On our way back to Chittagong on Sunday I realized one more thing that I'm super thankful for in the US - our exposure to traveling at early ages...whether it be cars, buses, trains, planes, etc. There were quite a few young children on our bus and by the end of the 4-hour trip back to Chittagong, all of them had gotten motion-sick at least once, if not more.  I've realized this traveling around asia since january, and it's such a weird thing for many people to have access to these types of transport during their lives that it makes it even harder when they do...barf bags are a staple for most companies...at least, for most of the more expensive ones I've ridden. the cheap public buses forgo such shows of concern for their passengers, but also allow windows to be open when one gets sick.  

all in all - great weekend - send along any specific questions you've got about cox's bazar...it IS the home of the longest continuous beach in the world, but we didn't actually make it there this time around.  we know we'll be heading back quite a bit since it's literally only a 3 or 4 hour ride from our residence to the seaside (it's also quite close to the border with myanmar/burma, making for a large buddhist population, and apparently there's a burmese refugee camp nearby. so, obviously i'm looking for contacts and hoping to come back and help). 
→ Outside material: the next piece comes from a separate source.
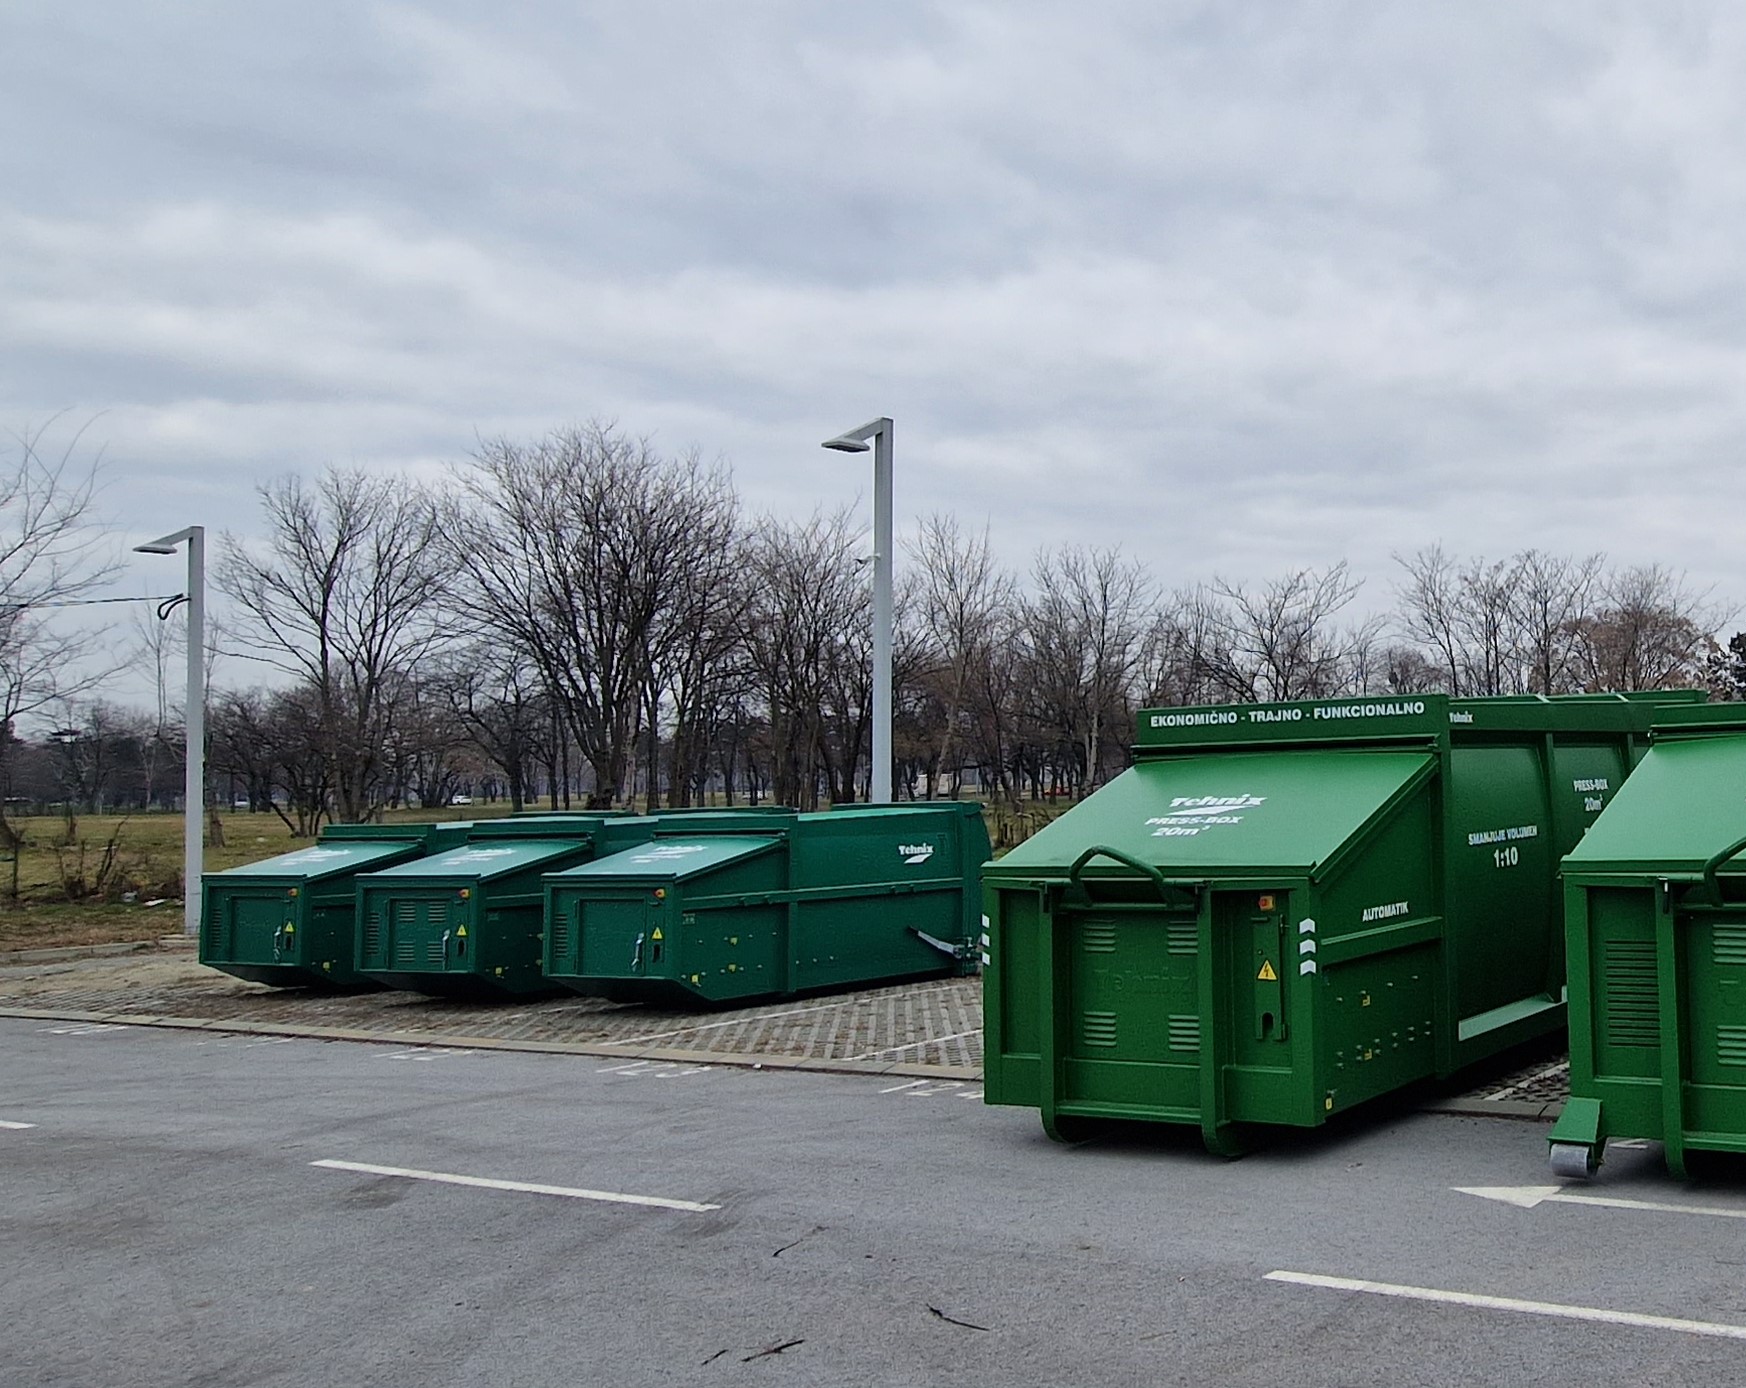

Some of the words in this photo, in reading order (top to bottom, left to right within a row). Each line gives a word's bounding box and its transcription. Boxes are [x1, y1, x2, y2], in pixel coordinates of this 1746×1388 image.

our lovely hotel...we didn't want to pay for AC so we were stuck on the 5th floor.  we had a great view of the surrounding streets as a result...and quite a few cockroaches for roommates as well...


i liked their sign. fun colors. 


one of the things i absolutely ABSOLUTELY love about bangladesh is the bright colors everywhere you go.  the women are always dressed so elegantly, and their clothes are always bright, colorful and eyecatching.  Women check each other out ALL THE TIME and are very quick to comment on what you're wearing...
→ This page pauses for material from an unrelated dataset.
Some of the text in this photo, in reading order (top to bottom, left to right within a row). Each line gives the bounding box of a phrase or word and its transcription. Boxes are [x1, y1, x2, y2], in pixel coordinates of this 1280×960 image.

everywhere on the beach there are guys walking around with old 35mm cameras, offering to take your photos...you can then find them in these smaller stalls later that day, or the next.  the question is really, though, how do you know which stall to go to? 


there was one section of the beach where poorer families were collecting shells to make into strands, necklaces and mobiles...while it was really sad to watch and know that the few taka each necklace cost was the result of hours of work in and out of the water, the children seemed to be having a fabulous time playing while working. 
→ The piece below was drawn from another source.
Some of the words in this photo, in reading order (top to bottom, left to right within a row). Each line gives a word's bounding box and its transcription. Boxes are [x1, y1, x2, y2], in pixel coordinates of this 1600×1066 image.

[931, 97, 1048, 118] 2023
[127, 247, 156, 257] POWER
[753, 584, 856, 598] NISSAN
this one young boy was helping his dad set out nets to collect shells...

and this kid was a complete ham...the minute he saw my camera he ran in front of me, did a few somersaults, ended up on his back and posed for a picture.  he does have a radiating smile, though. 

one of the little boys who mahmuda bought shells from.  he was so adorable...it's a good thing mahmuda's a bigger softee than i am :)

we spent saturday walking around the town of cox's bazar, checking out the two buddhist temples, a few buddhist stupas, the burmese market and the local water festival (we just happened to catch the yearly celebration).  we passed one family as we meandered through a residential area who warned us to not go much further...and then offered their two sons as tour guides for a few hours, for a small fee of course.  the two boys were studying english in school and were quite helpful in pointing out places to go - they took us to a few stupas atop a hill that had great views of cox's bazar, which was awesome.  


sunset at the beach. notice the women in full shalwar kameez outfits, scarves and all. 


one of the vendors on the beach - what else would you want as you're watching the tide come in but fresh fruit, right?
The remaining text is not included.